Figure 5 Contractual relationship in Construction Management method of procurement in which Owner has contractualrelationwiththeConstructionmanageronly.

c) Integrated organizations Some owners wish to delegate all responsibilities of design and construction to outside consultants in a turnkey project arrangement. A contractor agrees to provide the completed facility on the basis of performance specifications set forth by the owner. The contractor may even assume the responsibility of operating the project if the owner so desires. The other side of an integrated organization is that the Owner does the design and construction with his in house facility. In this approach, an owner must have a steady flow of on-going projects in order to maintain a large work force for in-house operation. The risk on cost is vested with the contractor in turnkey project, where as, the owner takes the whole risk if done in house. In house design and construction offers absolute freedom for the owner to get involved in a construction project, but, a turnkey project offers no chance to intervene in any matter once contract is executed. The latest construction procurement using BOOT, BOT or BOO offers opportunity to the client to procure construction even though he has shortage of funds. However, these methods have very little opportunity for Owners to have involvement.

9) Selection of a suitable procurement method


In the preceding sections, it has been stated that owners are different depending on the experience in

construction and the industry they are in. Objectives of each client are different in terms of cost, time, and quality. Risks on these objectives are to be suitably managed by selecting suitable method of procurement. The following chart (Figure 6) gives a picture on risk; whether the risk to be borne by the owner or the contractor.

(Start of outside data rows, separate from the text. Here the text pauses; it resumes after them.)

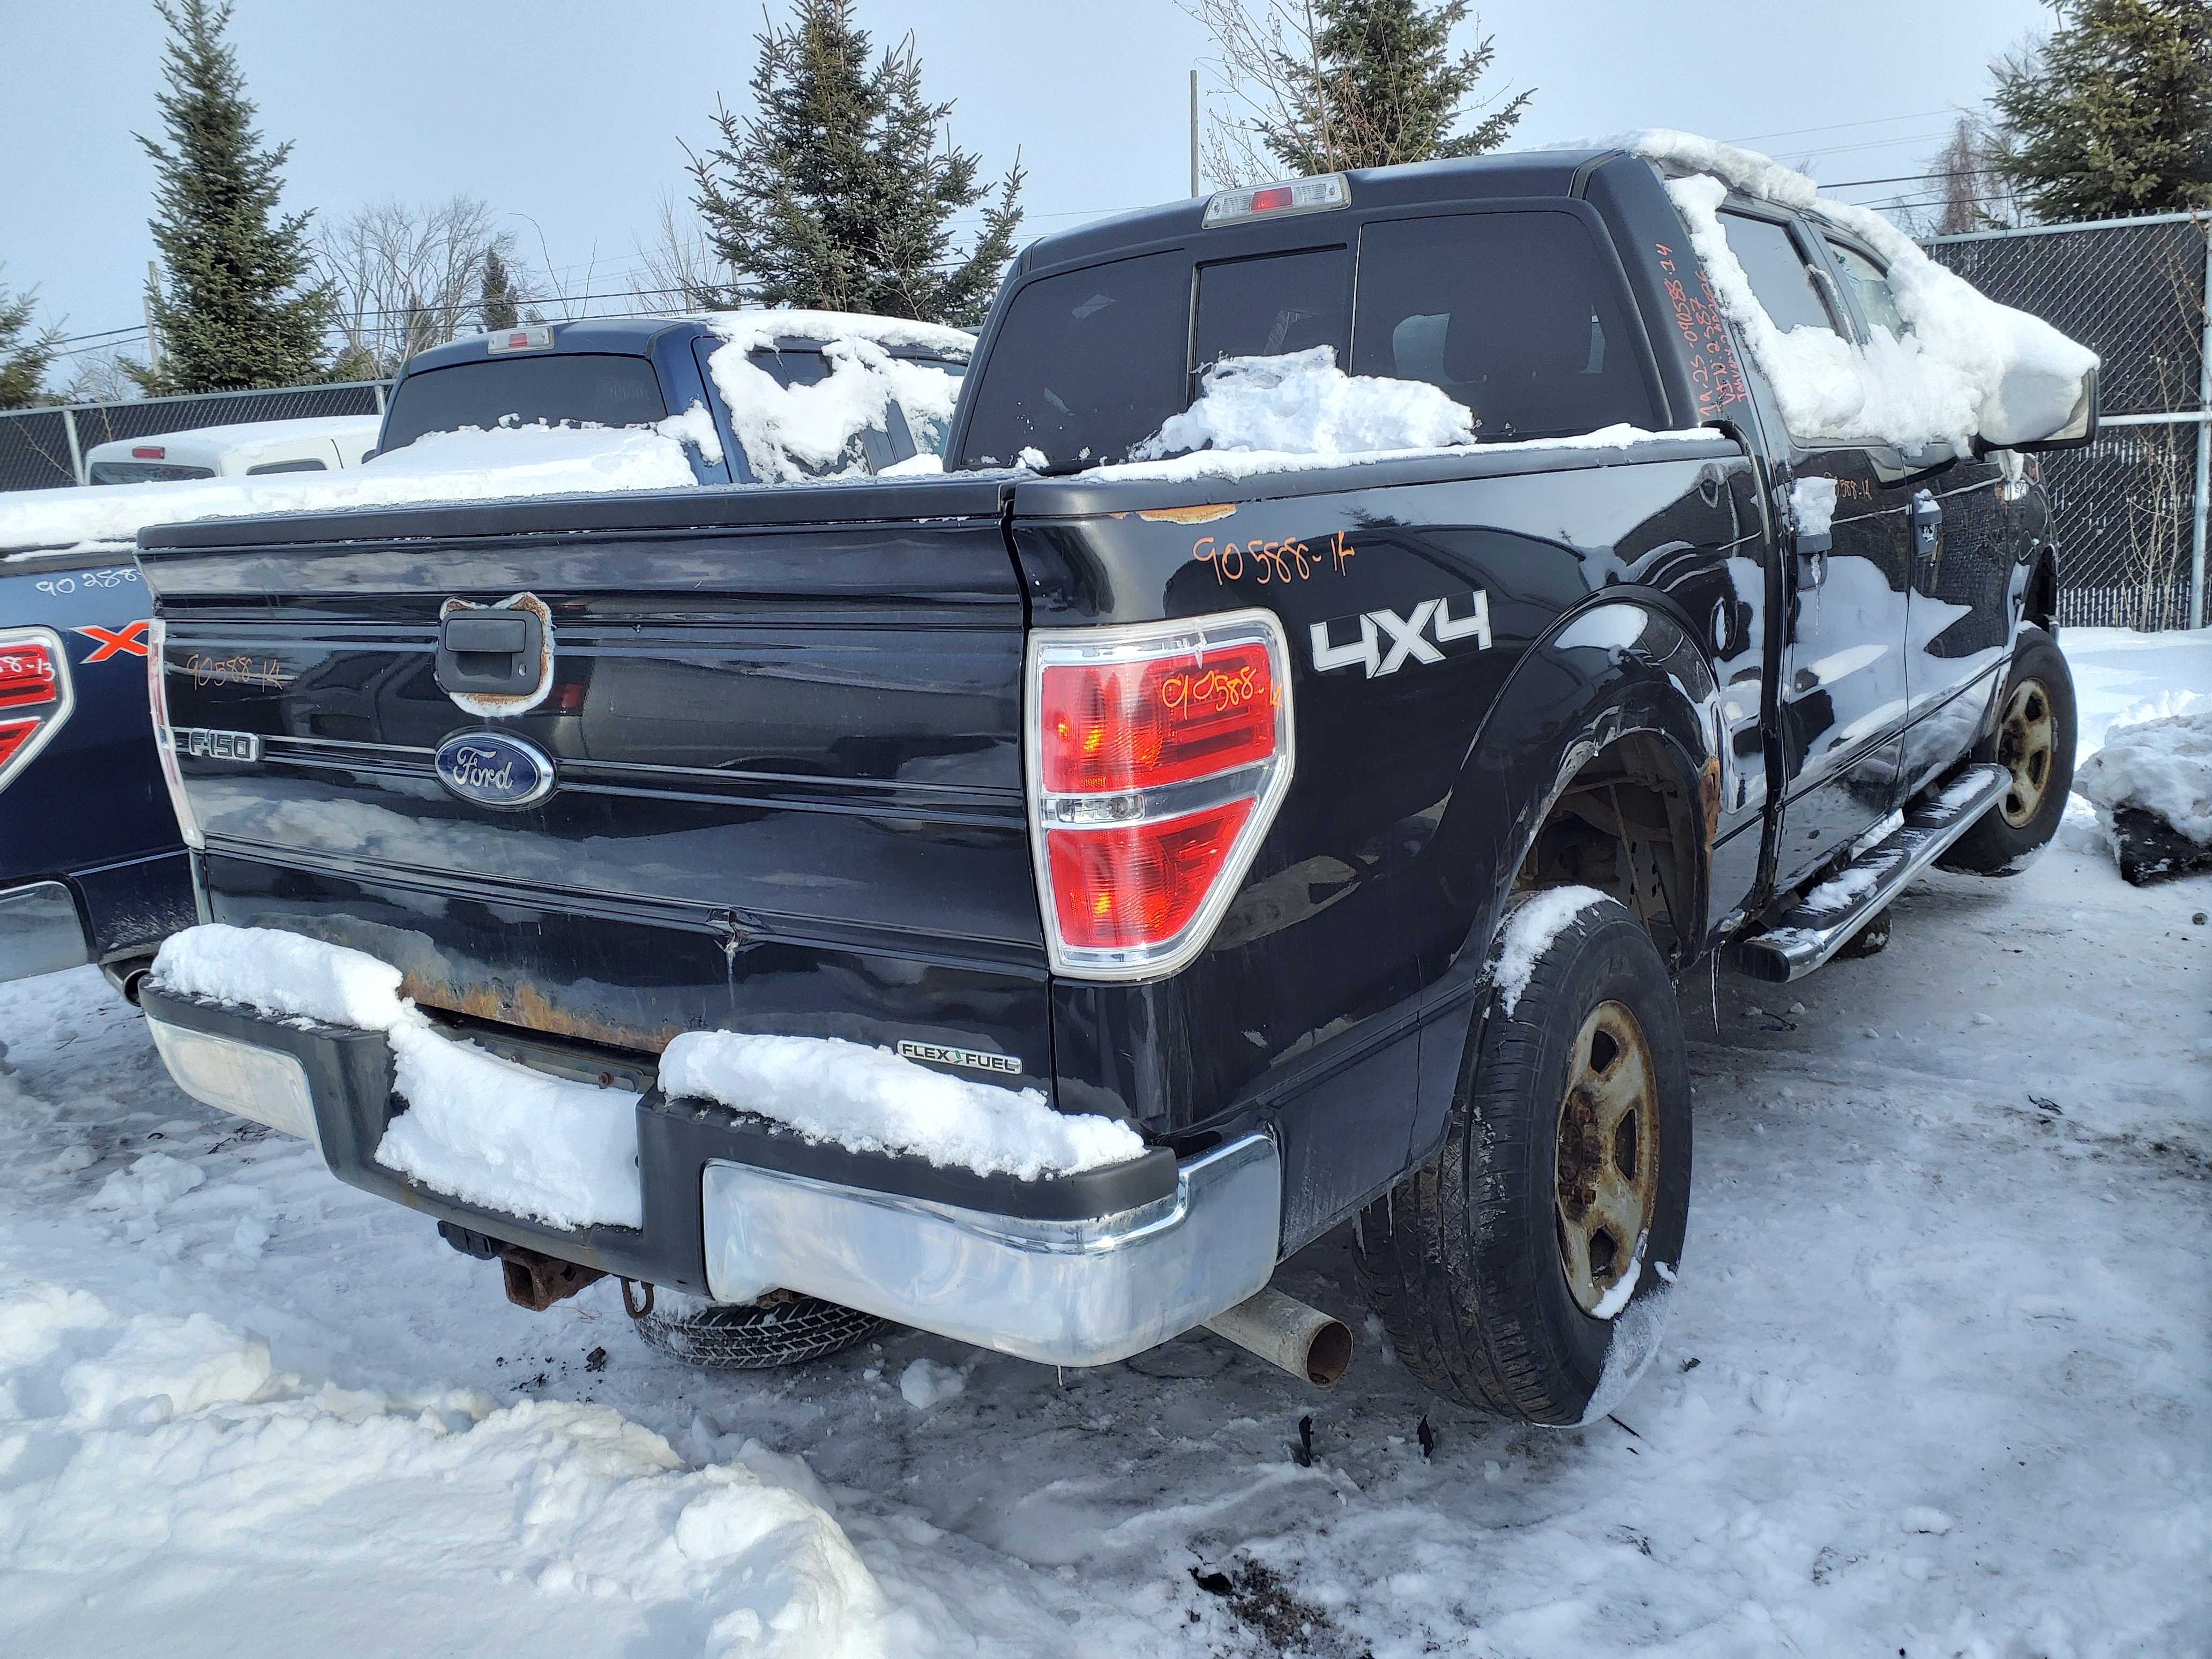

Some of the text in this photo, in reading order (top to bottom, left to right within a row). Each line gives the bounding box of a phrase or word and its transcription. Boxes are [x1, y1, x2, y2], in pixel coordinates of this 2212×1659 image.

[1309, 589, 1492, 679] 4X4
[0, 656, 56, 682] 8-13
[189, 727, 260, 763] F-150
[453, 746, 513, 790] Ford
[902, 1044, 1015, 1072] FLEX FUEL
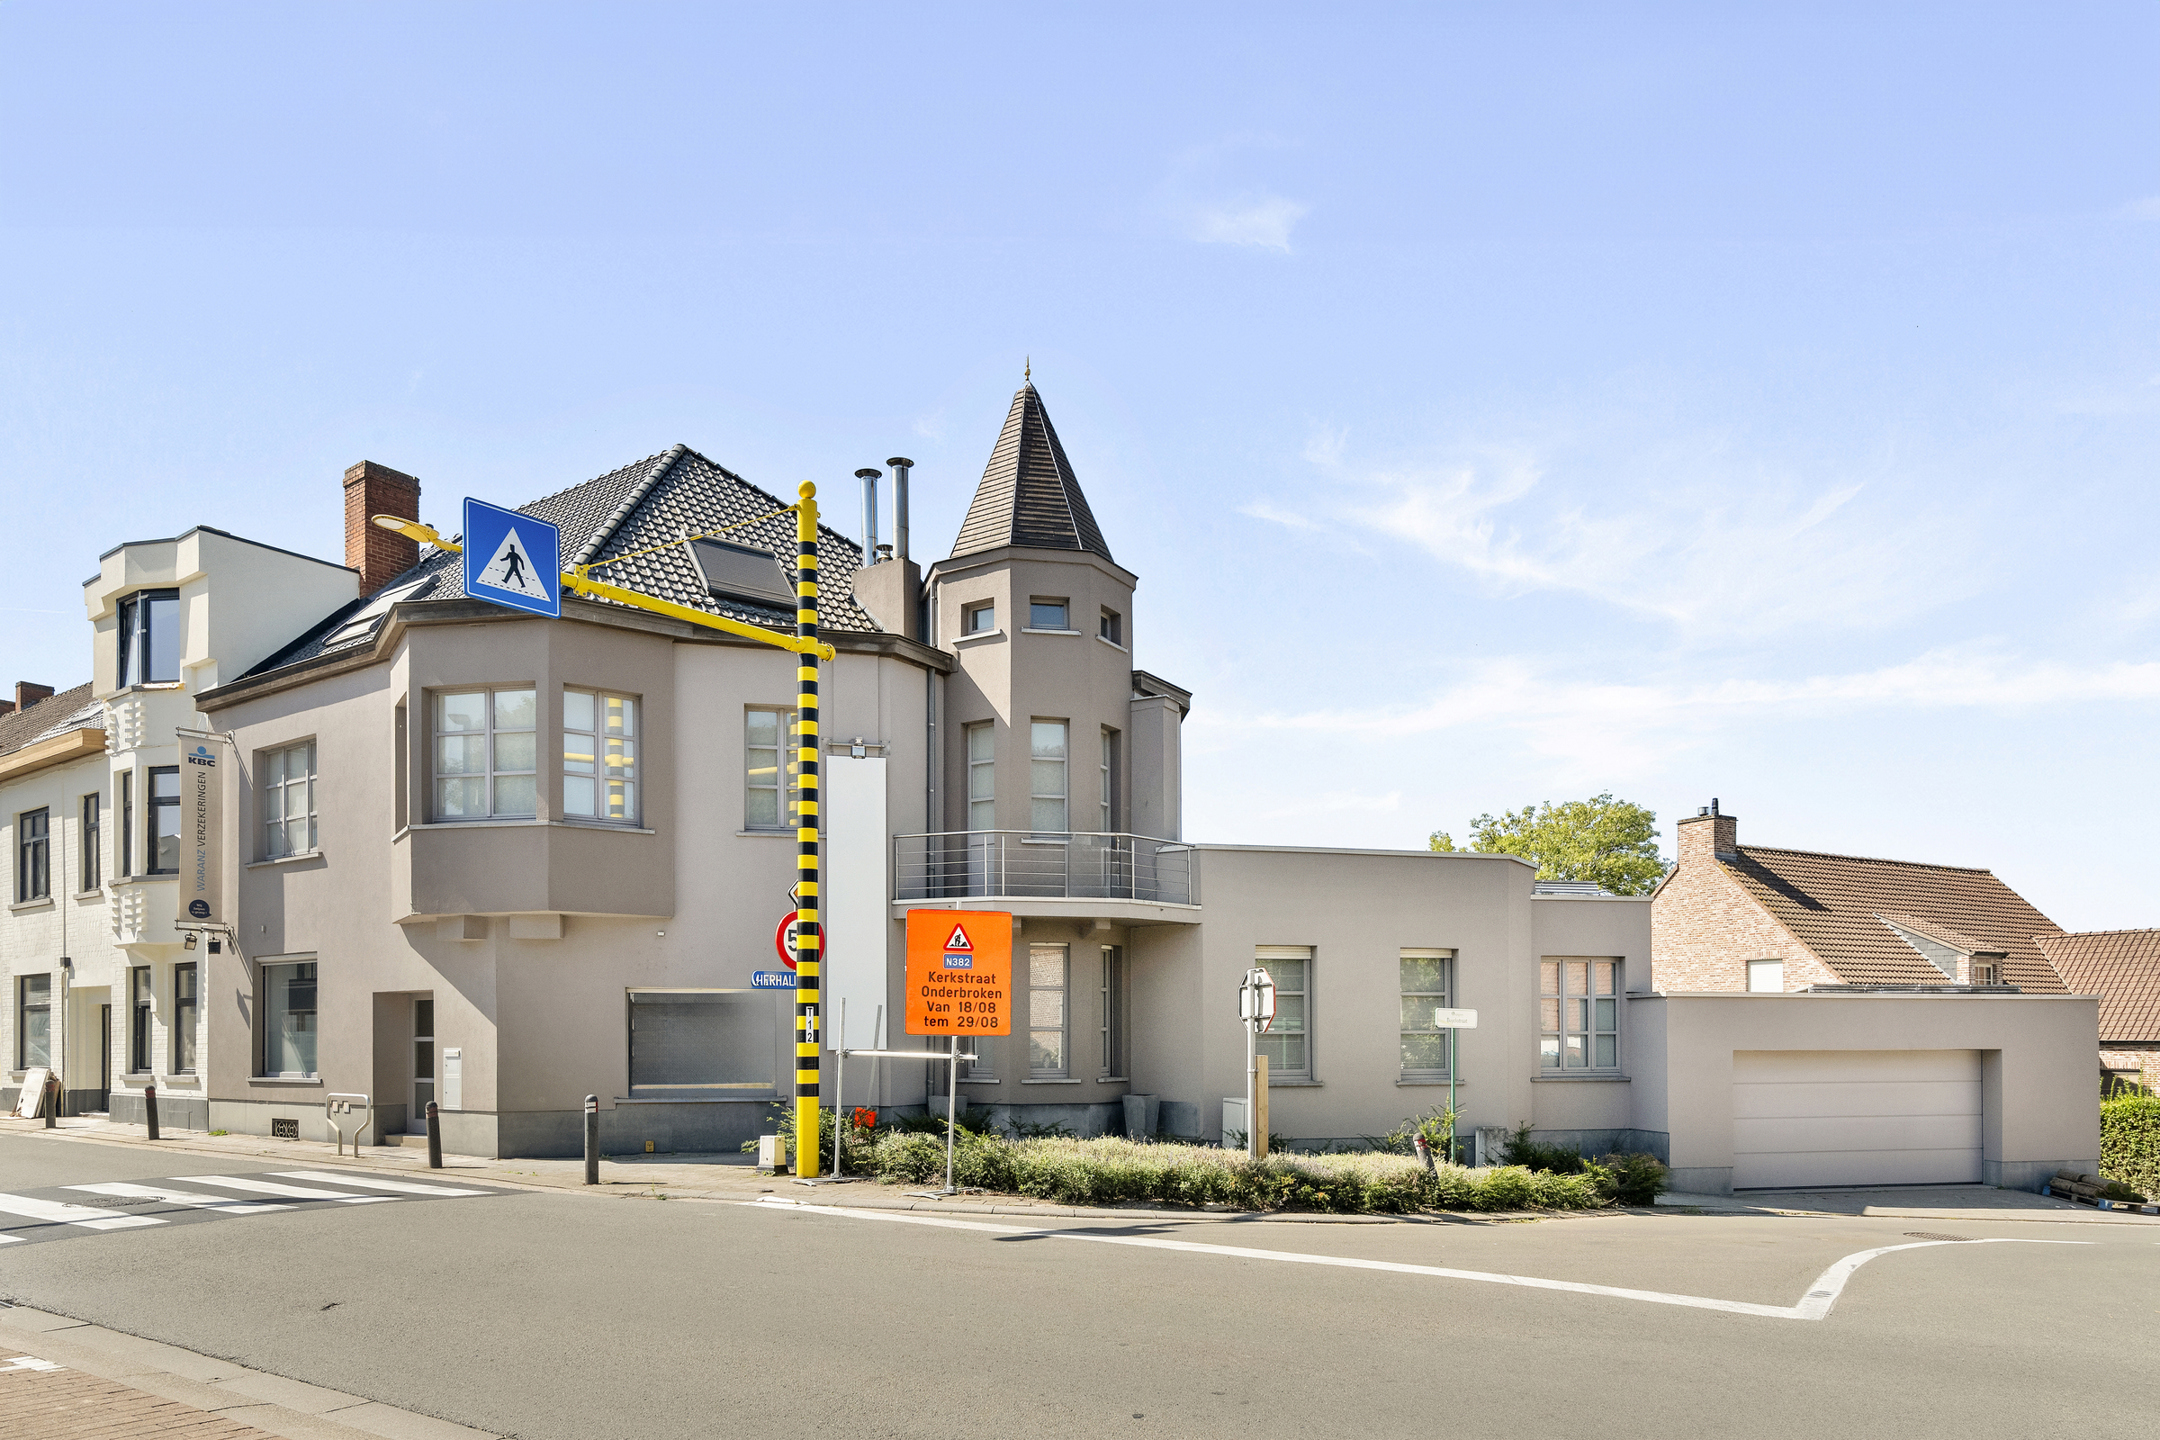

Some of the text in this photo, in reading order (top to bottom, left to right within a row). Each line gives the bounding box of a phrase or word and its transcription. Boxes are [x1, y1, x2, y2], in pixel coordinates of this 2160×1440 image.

Figure 6: Different types of procurement, risk and flexibility for the Owner Owners considering a construction project are likely to want a solution which will meet their objectives. Taking impartial professional advice is useful, though there is no standard method of obtaining such advice. The type of professionals who could help an occasional client with impartial advice are the personals involved in construction industry itself, provided they are not to be involved in the construction project itself. Figure 7 and Figure 8 are other guidelines that indicate the share of risk to be taken by the contractor and the Owner and level of involvement in construction by the Owner.

Figure 7 Share of risk

Figure8LevelofinvolvementbytheOwner

10)

Managing Risk and cost involved.

There are many different types of strategies for managing risk. Often these are managed by the following methods. (i) By accepting the consequences of a risk and budgeting for it. (2) By transferring the risk to another party. In either case, cost is involved. Transfer of risk on time, quality or cost to a contractor attracts cost to the Owner.

11)

Successful Procurement of Construction

Procurement of construction is considered to be successful, if objectives set by the owner are achieved to their satisfactory limit. Objectives of any construction can be grouped in terms of time, cost and quality. Having set the objective, the Owner has to select the most suitable procurement route depending on the risk. It can be seen that selection of suitable procurement will enable an Owner to attain his objectives to his satisfactory level. Such procurements are considered as successful procurement.

Conclusion
Earlier, procurement of construction had only one route; to design first and select a contractor to execute it. An insight into various aspects like objectives of owners, risks to be borne by owners, and degree of involvement required by the owners, several methods of procurement have been developed and being practiced in India. An Owner has to select appropriate procurement method to procure a construction successfully. A successful construction procurement is the one in which an Owners objectives are attained to a level to the satisfaction of an Owner.